[Aim of the task] What you produce should match the records below precisely, except that images are removed.

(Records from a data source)
★ ★ ★ ★ ★

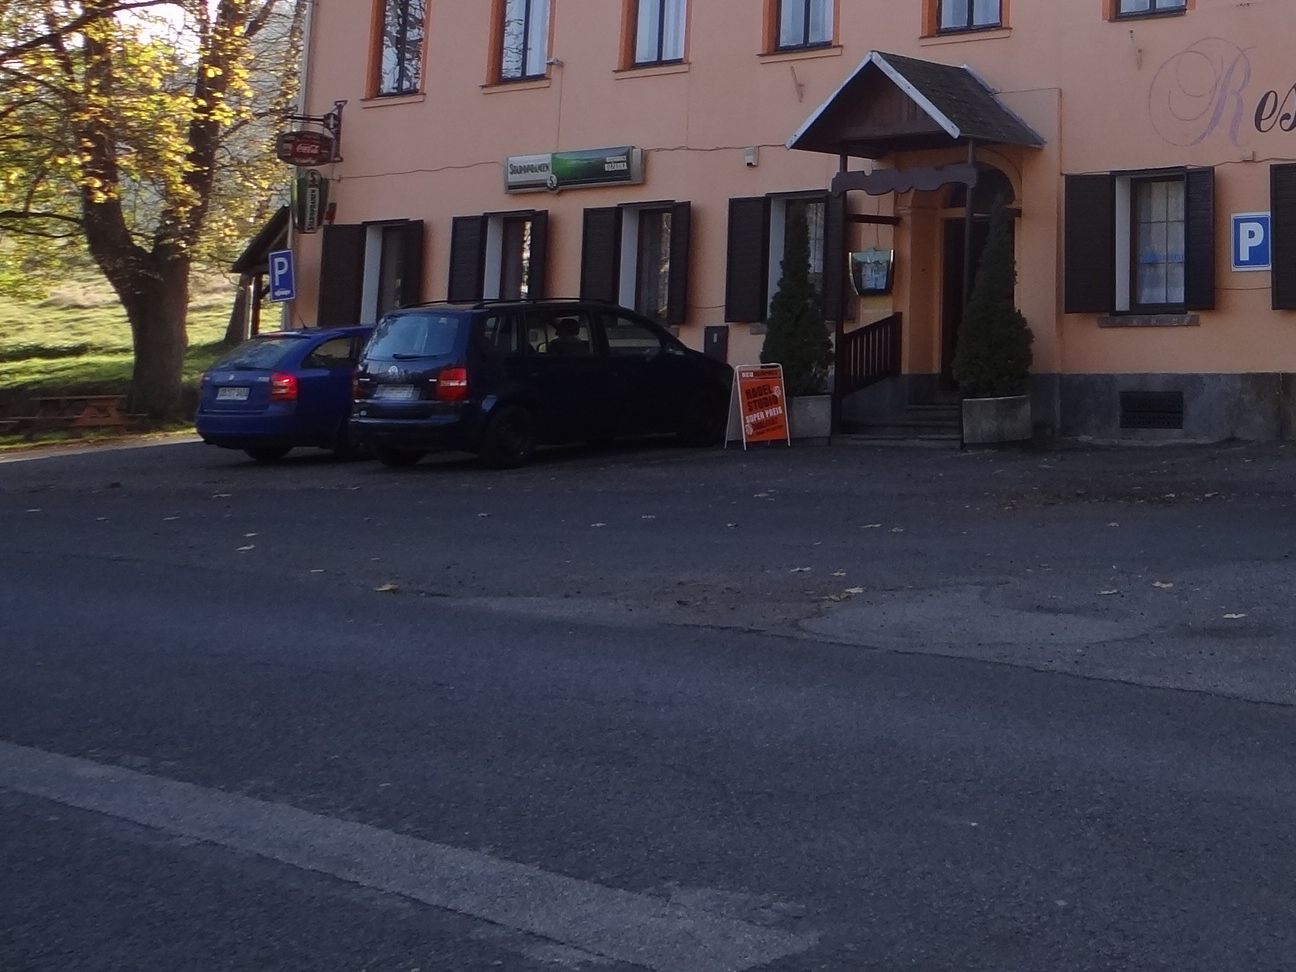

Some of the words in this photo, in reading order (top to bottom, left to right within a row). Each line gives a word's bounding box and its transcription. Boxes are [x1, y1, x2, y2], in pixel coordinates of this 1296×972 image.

[1239, 222, 1265, 262] P
[273, 257, 289, 286] P
[745, 411, 764, 423] SUPER
[765, 406, 783, 418] PREIS
[747, 395, 778, 412] STUDIO

★ ★ ★ ★ ★

[Problem solution]
Some of the words in this photo, in reading order (top to bottom, left to right within a row). Each line gives a word's bounding box and its transcription. Boxes are [x1, y1, x2, y2], in pixel coordinates of this 1296×972 image.

[1239, 222, 1265, 262] P
[273, 257, 289, 286] P
[745, 411, 764, 423] SUPER
[765, 406, 783, 418] PREIS
[747, 395, 778, 412] STUDIO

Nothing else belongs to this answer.